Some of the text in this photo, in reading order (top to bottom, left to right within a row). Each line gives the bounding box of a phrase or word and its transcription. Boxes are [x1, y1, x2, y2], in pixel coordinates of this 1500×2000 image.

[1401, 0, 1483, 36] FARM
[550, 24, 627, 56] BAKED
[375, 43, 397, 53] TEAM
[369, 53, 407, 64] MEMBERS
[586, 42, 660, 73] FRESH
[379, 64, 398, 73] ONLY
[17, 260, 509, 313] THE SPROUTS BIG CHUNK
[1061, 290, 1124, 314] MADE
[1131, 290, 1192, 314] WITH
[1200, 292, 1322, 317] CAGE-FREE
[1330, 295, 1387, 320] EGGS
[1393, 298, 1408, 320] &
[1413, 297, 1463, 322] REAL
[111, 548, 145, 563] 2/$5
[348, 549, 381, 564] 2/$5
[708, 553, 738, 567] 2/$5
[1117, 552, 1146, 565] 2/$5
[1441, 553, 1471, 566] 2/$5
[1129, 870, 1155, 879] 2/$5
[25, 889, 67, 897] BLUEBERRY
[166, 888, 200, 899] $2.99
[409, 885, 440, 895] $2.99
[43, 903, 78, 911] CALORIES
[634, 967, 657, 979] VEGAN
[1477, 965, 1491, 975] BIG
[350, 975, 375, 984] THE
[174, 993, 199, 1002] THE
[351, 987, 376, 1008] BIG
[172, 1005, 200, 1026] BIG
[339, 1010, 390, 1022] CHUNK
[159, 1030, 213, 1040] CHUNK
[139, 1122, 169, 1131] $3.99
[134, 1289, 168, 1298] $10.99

» **Work to complete**:
Transcribe the records above in full, exactly as they stand.

» **Solution to this exercise**:
Some of the text in this photo, in reading order (top to bottom, left to right within a row). Each line gives the bounding box of a phrase or word and its transcription. Boxes are [x1, y1, x2, y2], in pixel coordinates of this 1500×2000 image.

[1401, 0, 1483, 36] FARM
[550, 24, 627, 56] BAKED
[375, 43, 397, 53] TEAM
[369, 53, 407, 64] MEMBERS
[586, 42, 660, 73] FRESH
[379, 64, 398, 73] ONLY
[17, 260, 509, 313] THE SPROUTS BIG CHUNK
[1061, 290, 1124, 314] MADE
[1131, 290, 1192, 314] WITH
[1200, 292, 1322, 317] CAGE-FREE
[1330, 295, 1387, 320] EGGS
[1393, 298, 1408, 320] &
[1413, 297, 1463, 322] REAL
[111, 548, 145, 563] 2/$5
[348, 549, 381, 564] 2/$5
[708, 553, 738, 567] 2/$5
[1117, 552, 1146, 565] 2/$5
[1441, 553, 1471, 566] 2/$5
[1129, 870, 1155, 879] 2/$5
[25, 889, 67, 897] BLUEBERRY
[166, 888, 200, 899] $2.99
[409, 885, 440, 895] $2.99
[43, 903, 78, 911] CALORIES
[634, 967, 657, 979] VEGAN
[1477, 965, 1491, 975] BIG
[350, 975, 375, 984] THE
[174, 993, 199, 1002] THE
[351, 987, 376, 1008] BIG
[172, 1005, 200, 1026] BIG
[339, 1010, 390, 1022] CHUNK
[159, 1030, 213, 1040] CHUNK
[139, 1122, 169, 1131] $3.99
[134, 1289, 168, 1298] $10.99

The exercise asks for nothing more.